A guarda ordinária de pessoas presas, contudo, não pode ser atribuída rotineiramente aos investigadores, sob pena de caracterizar desvio de função.

“A controvérsia ultrapassa interesse corporativo isolado. O modo de apresentação de pessoas presas repercute sobre a atividade investigativa, a segurança dos fóruns, o funcionamento das delegacias, a dignidade dos custodiados, a regularidade das audiências e a eficiência da prestação jurisdicional em todo o Estado. O requisito de interesse geral está, portanto, presente”, destacou.
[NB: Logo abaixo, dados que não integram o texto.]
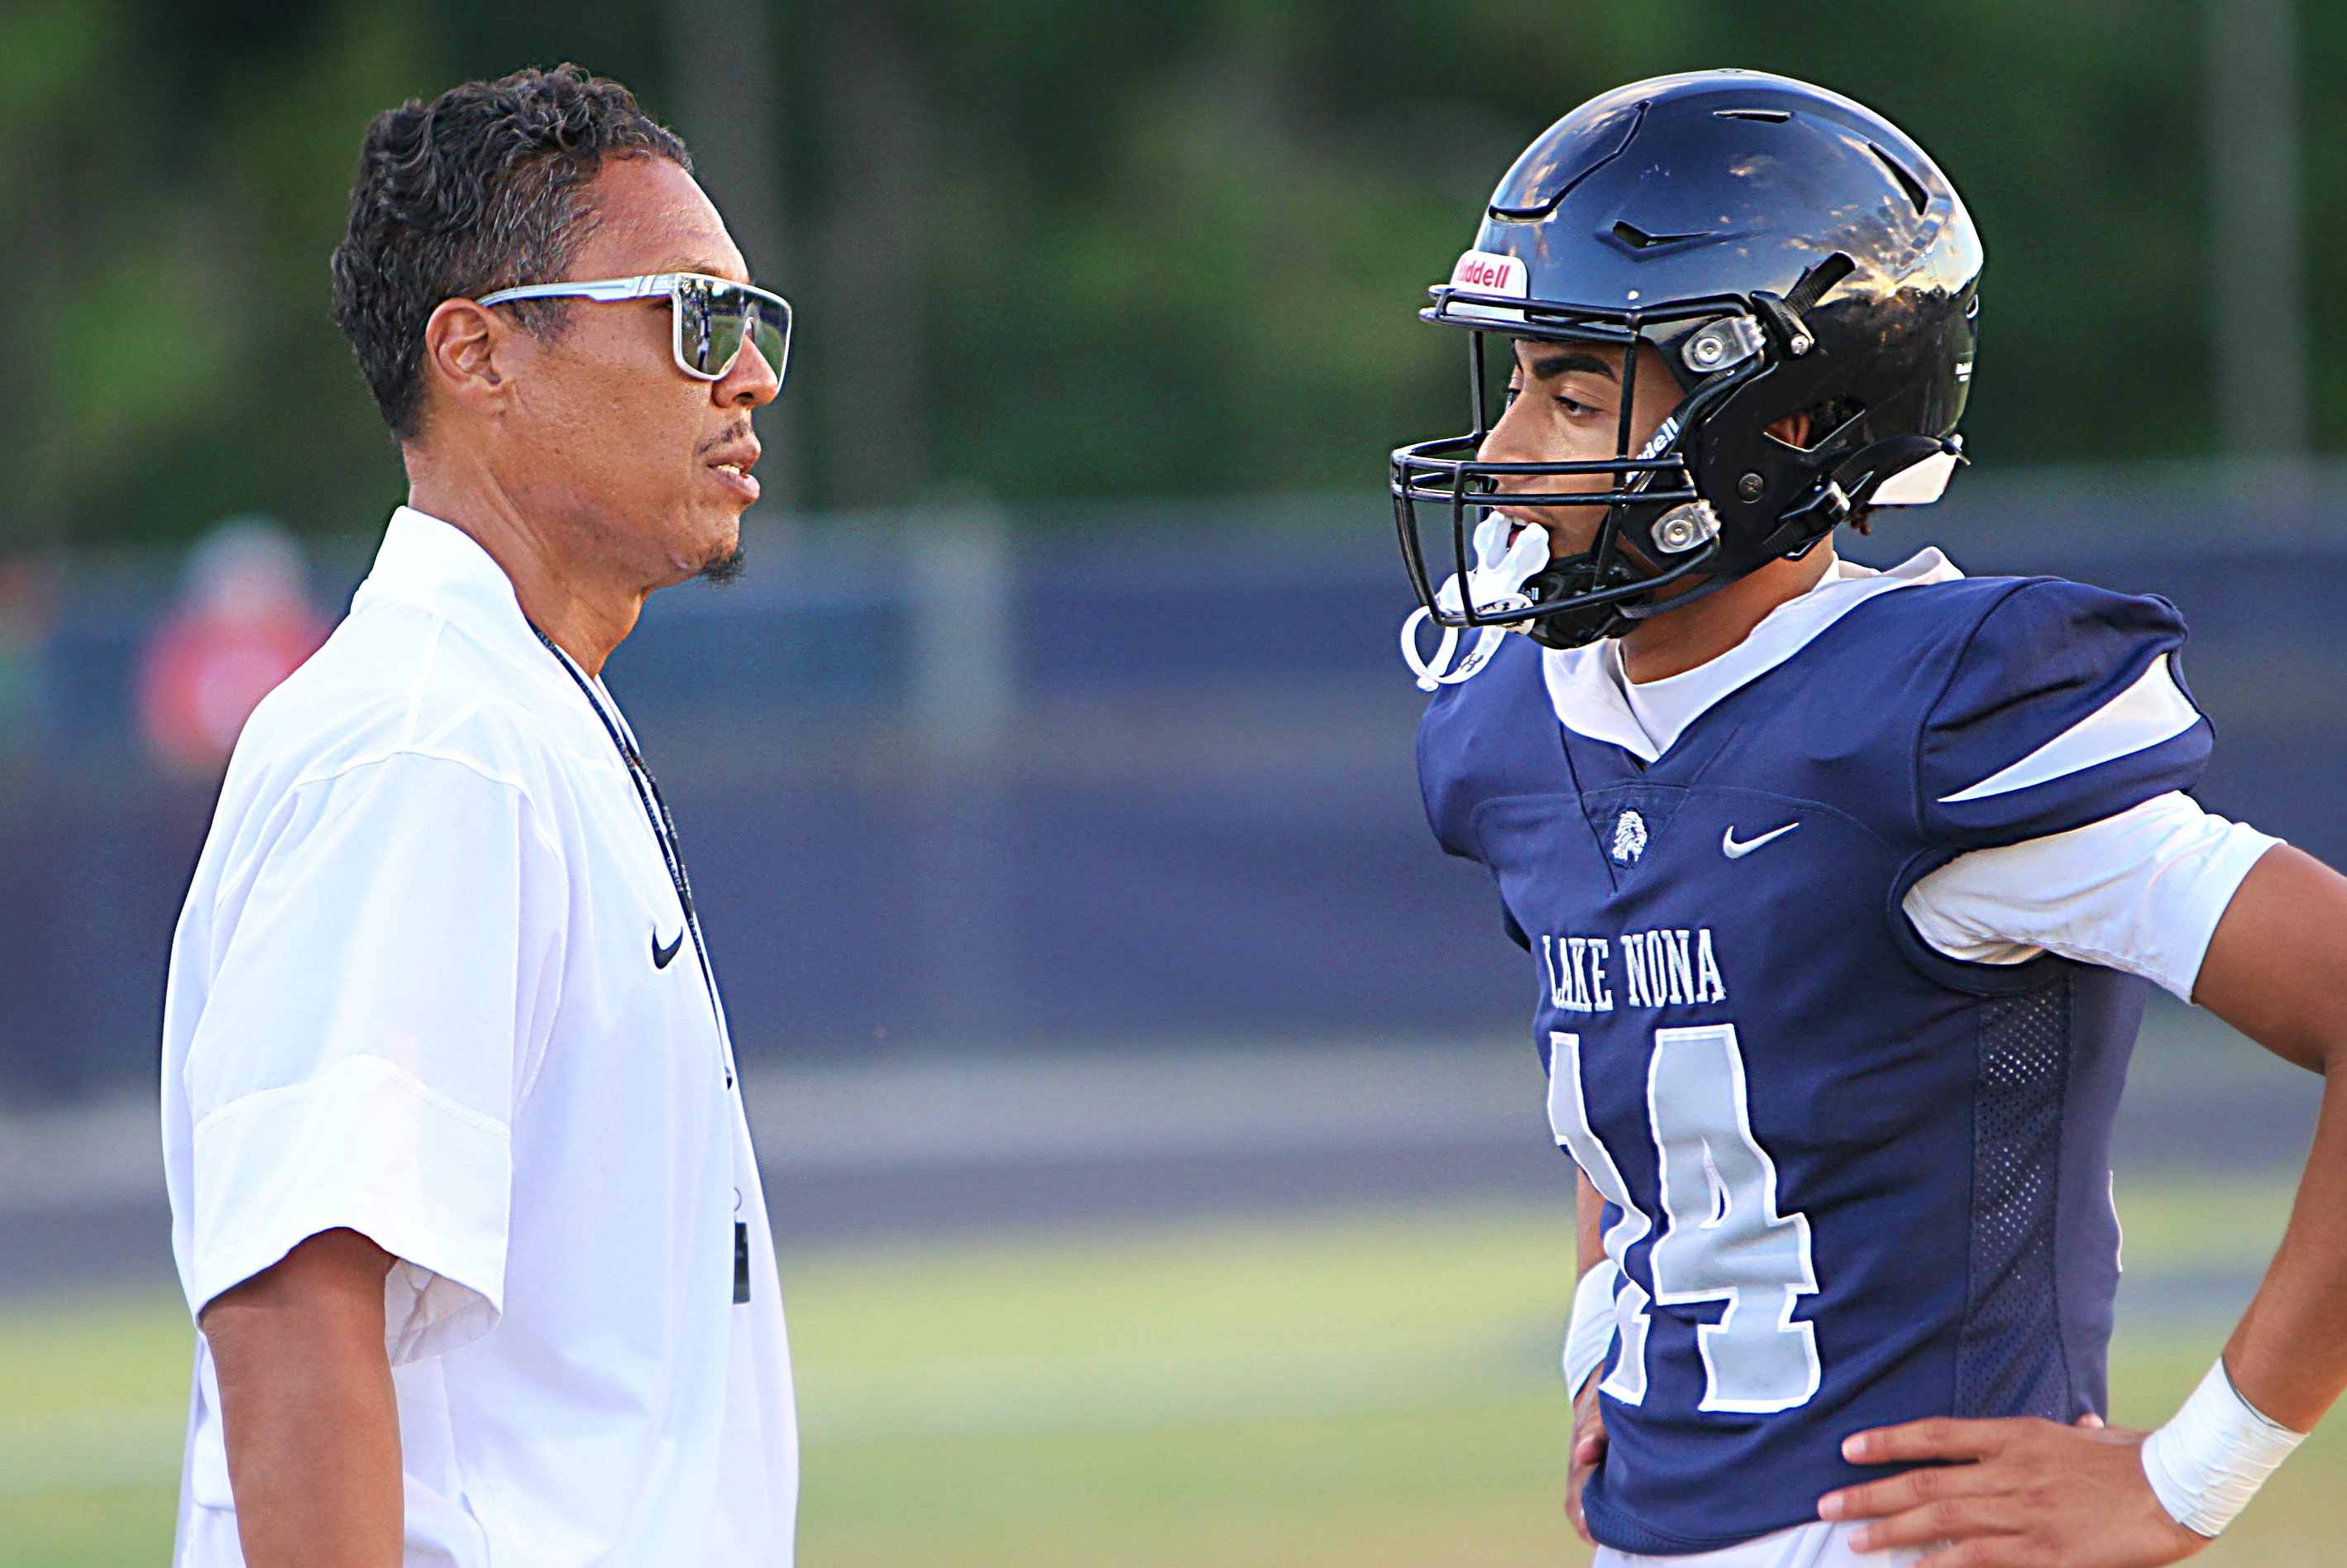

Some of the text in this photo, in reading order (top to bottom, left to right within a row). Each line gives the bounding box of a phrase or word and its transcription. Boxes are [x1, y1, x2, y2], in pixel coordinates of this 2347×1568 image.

[1542, 928, 1726, 1012] LAKE NONA
[1547, 1023, 1821, 1413] 14
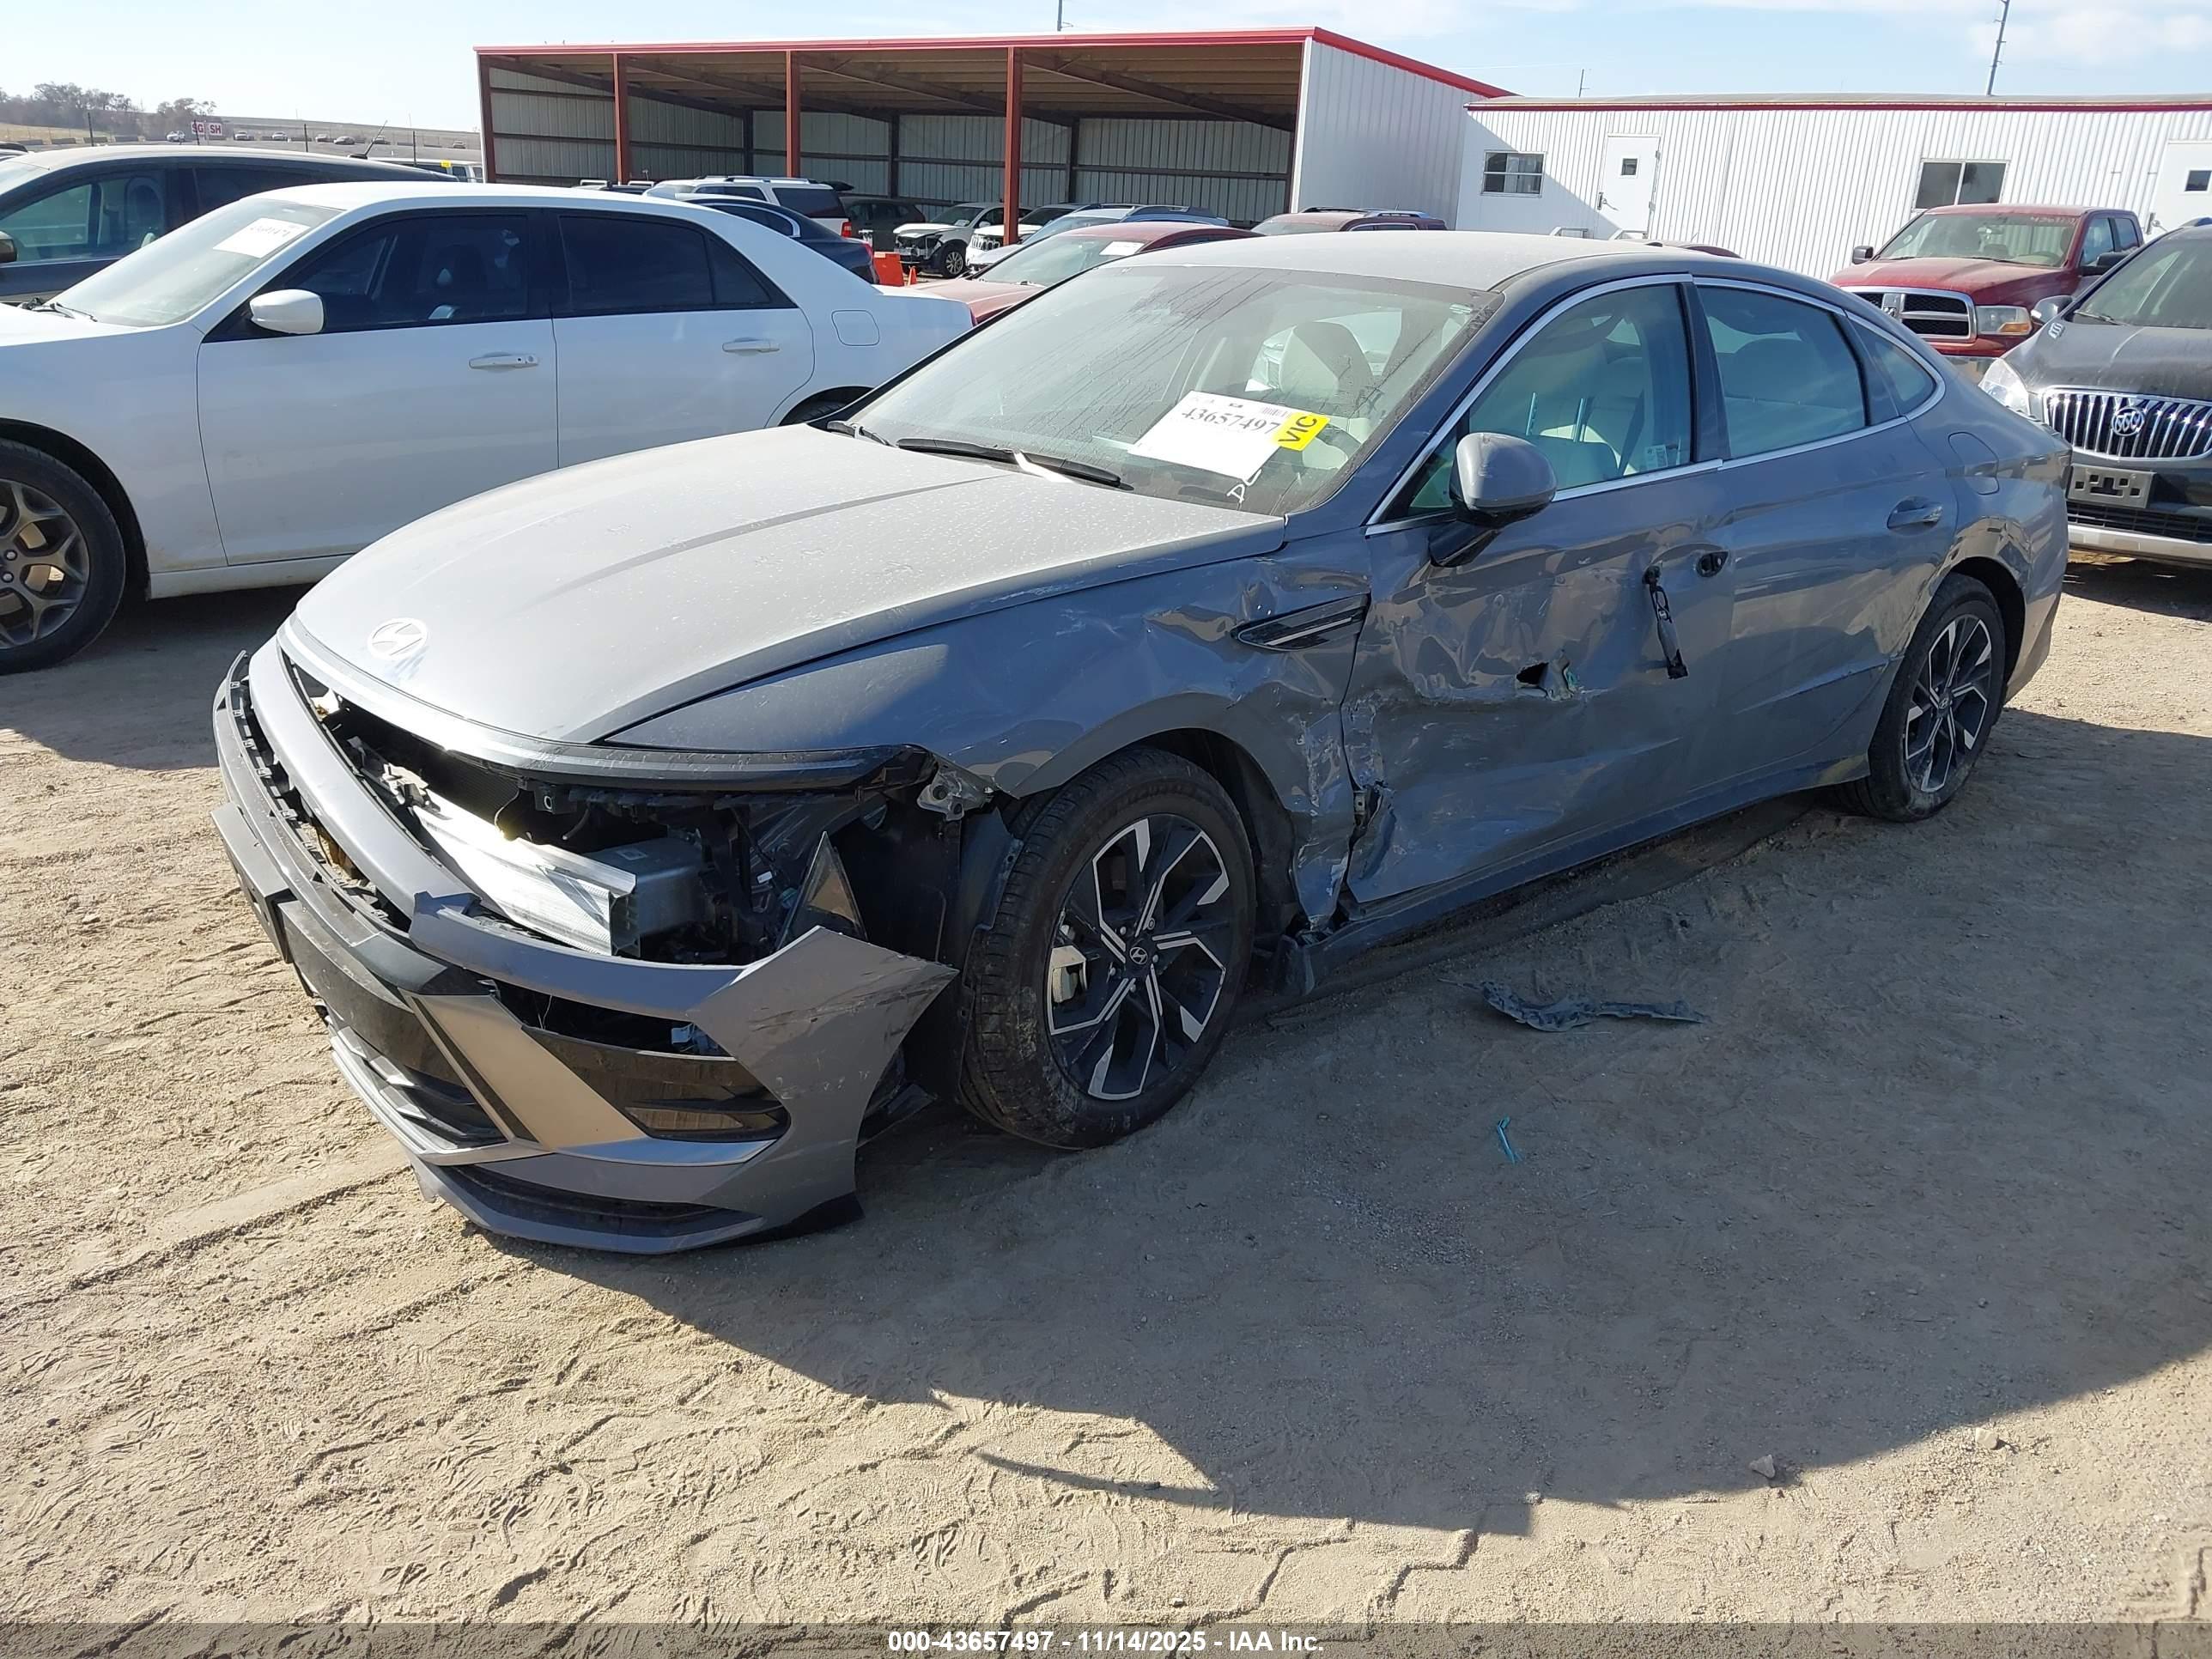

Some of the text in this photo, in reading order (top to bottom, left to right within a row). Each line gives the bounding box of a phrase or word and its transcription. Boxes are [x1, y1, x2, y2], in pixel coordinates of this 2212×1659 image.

[210, 125, 222, 134] SH
[1182, 407, 1281, 434] 43657497
[1277, 416, 1318, 442] VIC
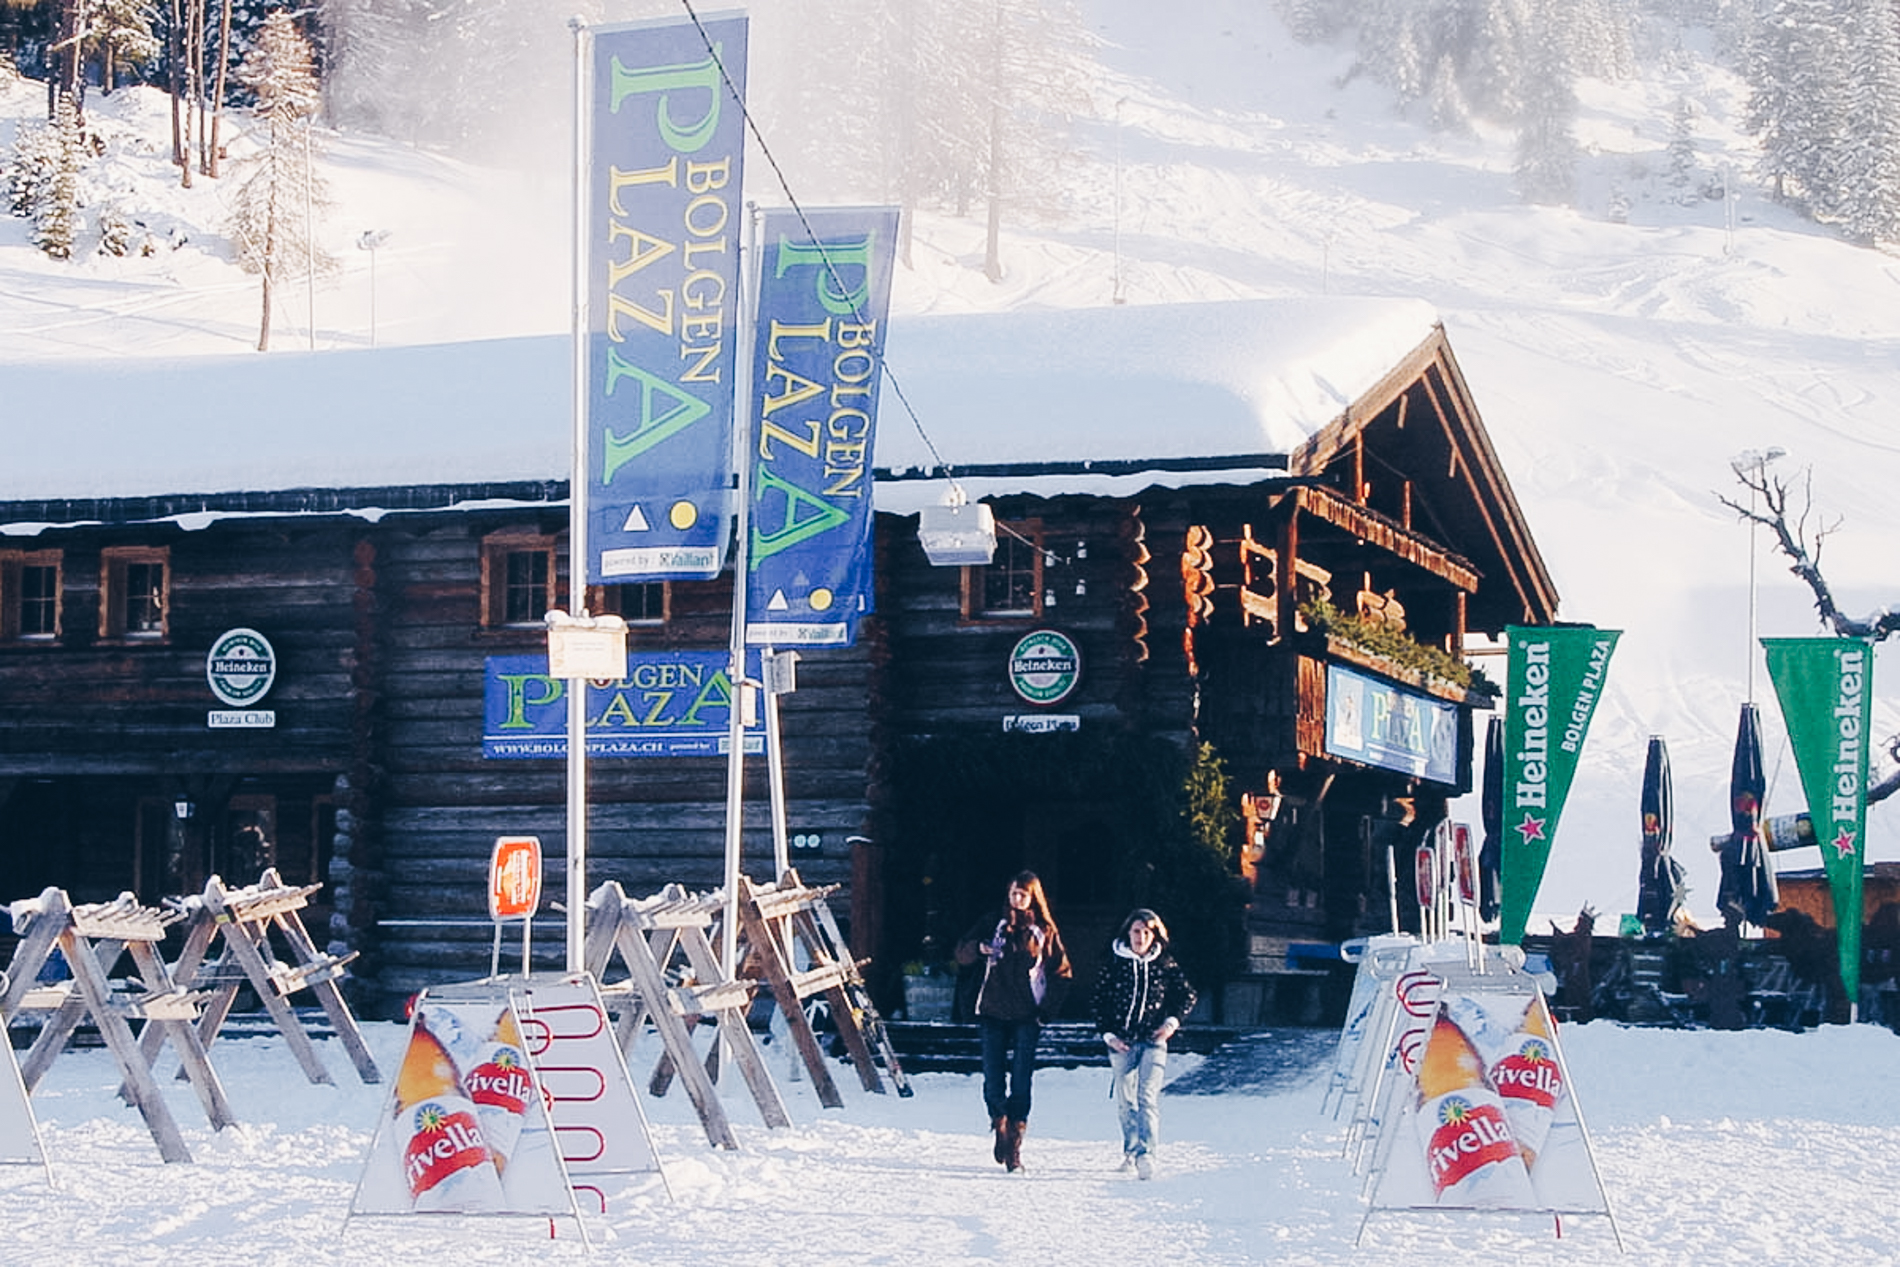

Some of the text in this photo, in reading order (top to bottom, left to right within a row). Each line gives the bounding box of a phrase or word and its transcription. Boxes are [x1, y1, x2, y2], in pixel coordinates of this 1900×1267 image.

Diante disso, o conselheiro determinou que o TJMT apresente, em até 60 dias, um plano estadual provisório de contingência para organizar o fluxo de custódia em todas as comarcas. O documento deverá definir, entre outros pontos:

  • o local de recebimento da pessoa presa em cada comarca;
  • o órgão responsável pela custódia;
  • horários e contatos permanentes;
  • confirmação do recebimento antes do deslocamento para audiência;
  • proibição do retorno do preso à delegacia por mera falta de logística;
  • registro formal de qualquer apoio prestado pela Polícia Civil.

Além disso, o Tribunal terá 120 dias para concluir um protocolo interinstitucional definitivo, elaborado em conjunto com Sejus, Secretaria de Segurança Pública, Polícia Penal, Polícia Civil, Ministério Público, Defensoria Pública, OAB-MT e Sinpol-MT.

O objetivo é estabelecer uma matriz de responsabilidades para transporte, custódia, comunicação e monitoramento das pessoas presas durante as audiências de custódia em Mato Grosso.

O Primeira Página entrou em contato com o TJMT e a Sejus-MT e aguarda posicionamento.